AI already shapes the field before the meeting
AI-mediated buying is not merely a forecast. Business buyers already use generative AI and conversational search across the buying journey. They still rely on colleagues, trusted networks and human judgement for consequential decisions, but the field they examine and the frame they bring into the room can now be formed earlier.
The interface is also moving beyond one generated answer. Deep-research systems search, select and synthesise many sources into a cited report. Other AI systems can compare live options and perform bounded tasks under user control. The capability is uneven and supervised, but the direction from answer generation towards research workflows is already visible.
That present shift is enough to warrant a response. Expert firms do not need a prediction about fully autonomous buying before making their current authority easier to discover and verify.

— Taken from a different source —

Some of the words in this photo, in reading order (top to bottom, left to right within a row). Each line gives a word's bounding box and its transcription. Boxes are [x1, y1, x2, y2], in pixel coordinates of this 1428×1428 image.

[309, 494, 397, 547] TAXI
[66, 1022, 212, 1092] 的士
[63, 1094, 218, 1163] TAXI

Three layers, three different jobs
| Layer | Commercial job | What changes |
|---|---|---|
| Human-facing surface | Explain the firm, build trust and support diligence. | It may receive a buyer whose shortlist and framing were shaped elsewhere. |
| Machine-legible public evidence | Make legitimate authority findable, interpretable and attributable at the buyer-question level. | It becomes distribution infrastructure for AI-mediated research. |
| Protected expertise | Preserve the data, judgement and method clients pay to access. | It remains protected; machine legibility does not require publishing the product. |
The strategic move is not to turn all knowledge into content. It is to separate the evidence needed for discovery and attribution from the protected depth that creates client value.
The Knowledge Index also creates a managed observatory. Each question family becomes a stable unit for recording demand, credited supply, competing-source movement and measured response. That evidence helps distinguish a market the firm should defend from an adjacent market worth investigating or a new area of expertise worth developing.

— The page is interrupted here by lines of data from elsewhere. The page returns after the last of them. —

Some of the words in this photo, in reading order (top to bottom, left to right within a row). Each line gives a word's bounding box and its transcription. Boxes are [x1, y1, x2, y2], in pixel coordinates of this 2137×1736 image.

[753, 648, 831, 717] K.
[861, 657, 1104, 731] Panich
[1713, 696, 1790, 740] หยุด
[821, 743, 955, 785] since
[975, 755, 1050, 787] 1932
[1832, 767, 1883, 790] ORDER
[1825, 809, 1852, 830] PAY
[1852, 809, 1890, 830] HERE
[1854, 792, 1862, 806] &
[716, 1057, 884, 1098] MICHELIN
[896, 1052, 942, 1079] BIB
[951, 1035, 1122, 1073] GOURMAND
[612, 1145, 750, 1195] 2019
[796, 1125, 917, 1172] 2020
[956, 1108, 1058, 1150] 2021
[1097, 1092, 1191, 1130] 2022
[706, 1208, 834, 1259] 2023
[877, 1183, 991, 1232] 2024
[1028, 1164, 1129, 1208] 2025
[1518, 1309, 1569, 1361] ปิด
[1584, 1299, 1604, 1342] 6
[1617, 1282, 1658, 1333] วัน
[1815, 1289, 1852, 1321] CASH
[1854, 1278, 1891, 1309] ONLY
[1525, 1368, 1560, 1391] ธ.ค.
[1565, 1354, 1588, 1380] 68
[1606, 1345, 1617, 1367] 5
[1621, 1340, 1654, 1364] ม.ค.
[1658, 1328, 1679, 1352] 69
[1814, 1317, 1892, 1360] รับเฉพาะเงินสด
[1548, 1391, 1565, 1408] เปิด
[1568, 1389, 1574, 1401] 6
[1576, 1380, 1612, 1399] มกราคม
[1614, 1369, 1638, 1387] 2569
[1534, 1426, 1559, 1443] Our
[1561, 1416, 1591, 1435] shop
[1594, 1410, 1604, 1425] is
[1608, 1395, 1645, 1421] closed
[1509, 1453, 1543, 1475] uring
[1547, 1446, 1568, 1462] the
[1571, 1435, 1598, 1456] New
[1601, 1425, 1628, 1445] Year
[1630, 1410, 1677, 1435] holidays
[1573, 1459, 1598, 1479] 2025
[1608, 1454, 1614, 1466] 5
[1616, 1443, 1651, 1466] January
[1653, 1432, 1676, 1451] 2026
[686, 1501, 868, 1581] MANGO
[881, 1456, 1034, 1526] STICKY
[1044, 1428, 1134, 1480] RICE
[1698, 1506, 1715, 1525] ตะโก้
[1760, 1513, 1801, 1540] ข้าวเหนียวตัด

A useful decision across several futures
The Index remains useful across three plausible paths:
| What happens next | What the Index contributes |
|---|---|
| AI remains principally a research and discovery interface | Better public evidence for current discovery, attribution and evaluation. |
| AI performs more multi-step research and bounded action | A governed map of authority, provenance, freshness and routes to protected depth. |
| Direct agent access to expert knowledge develops | Demand, supply and disclosure intelligence that helps qualify which markets may warrant a governed offer. |
The firm does not need to choose one future and bet the distribution strategy on it. It can improve discovery now while building the market record needed to make better decisions as the interface develops.

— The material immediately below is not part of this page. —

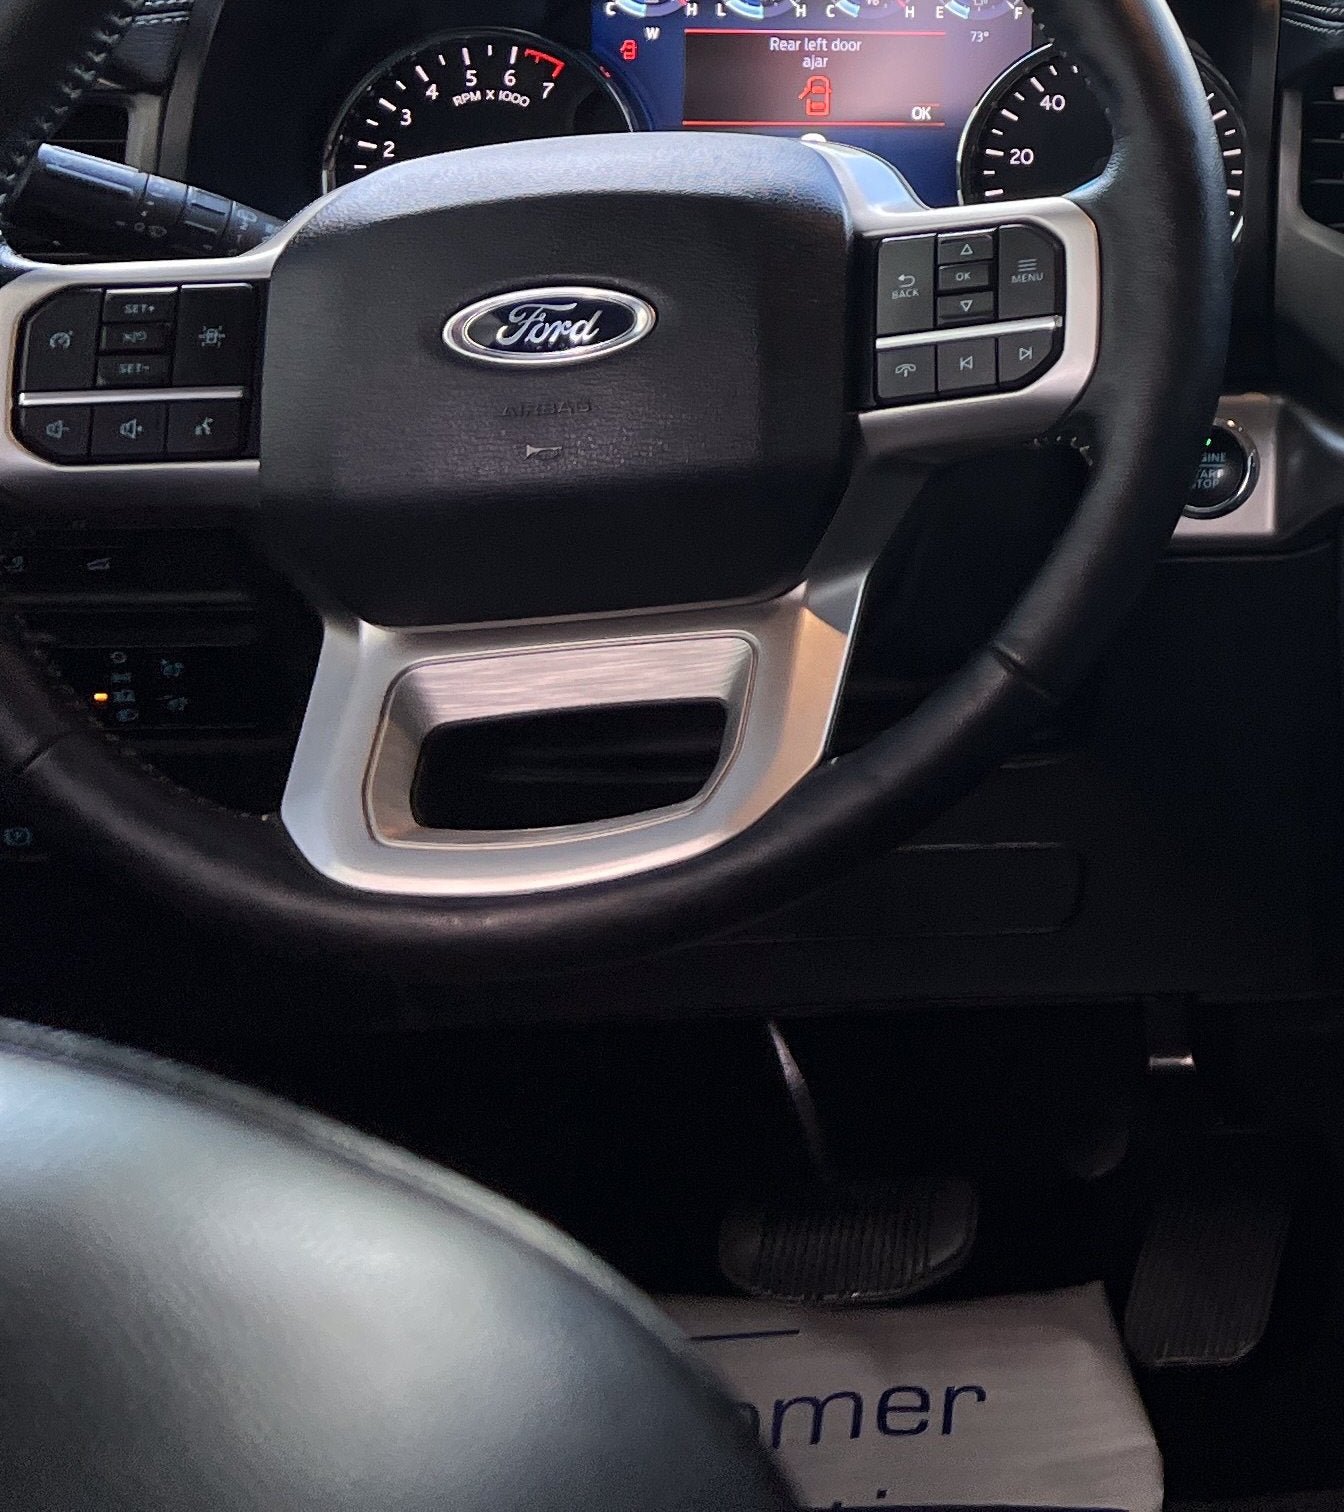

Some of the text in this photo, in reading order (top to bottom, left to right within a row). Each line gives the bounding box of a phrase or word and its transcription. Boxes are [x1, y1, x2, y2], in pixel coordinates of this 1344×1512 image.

Preparation is not prediction
This outlook does not imply that AI will mediate every purchase, that citations are endorsements or that public pages automatically enter a self-reinforcing ranking or training loop. It does not make human trust obsolete and does not justify exposing paid knowledge.
Those are separate empirical questions. The case for a Knowledge Index does not depend on them being true.
Build for discovery; learn where to expand
Expert firms need a public evidence system for the market already forming and a private intelligence record for the decisions that follow. The Knowledge Index joins those needs without collapsing one into the other.
Delphic makes legitimate authority addressable and measurable today, then uses the resulting question-market evidence to show where the firm can credibly defend or expand tomorrow. The protected judgement buyers pay for remains the product.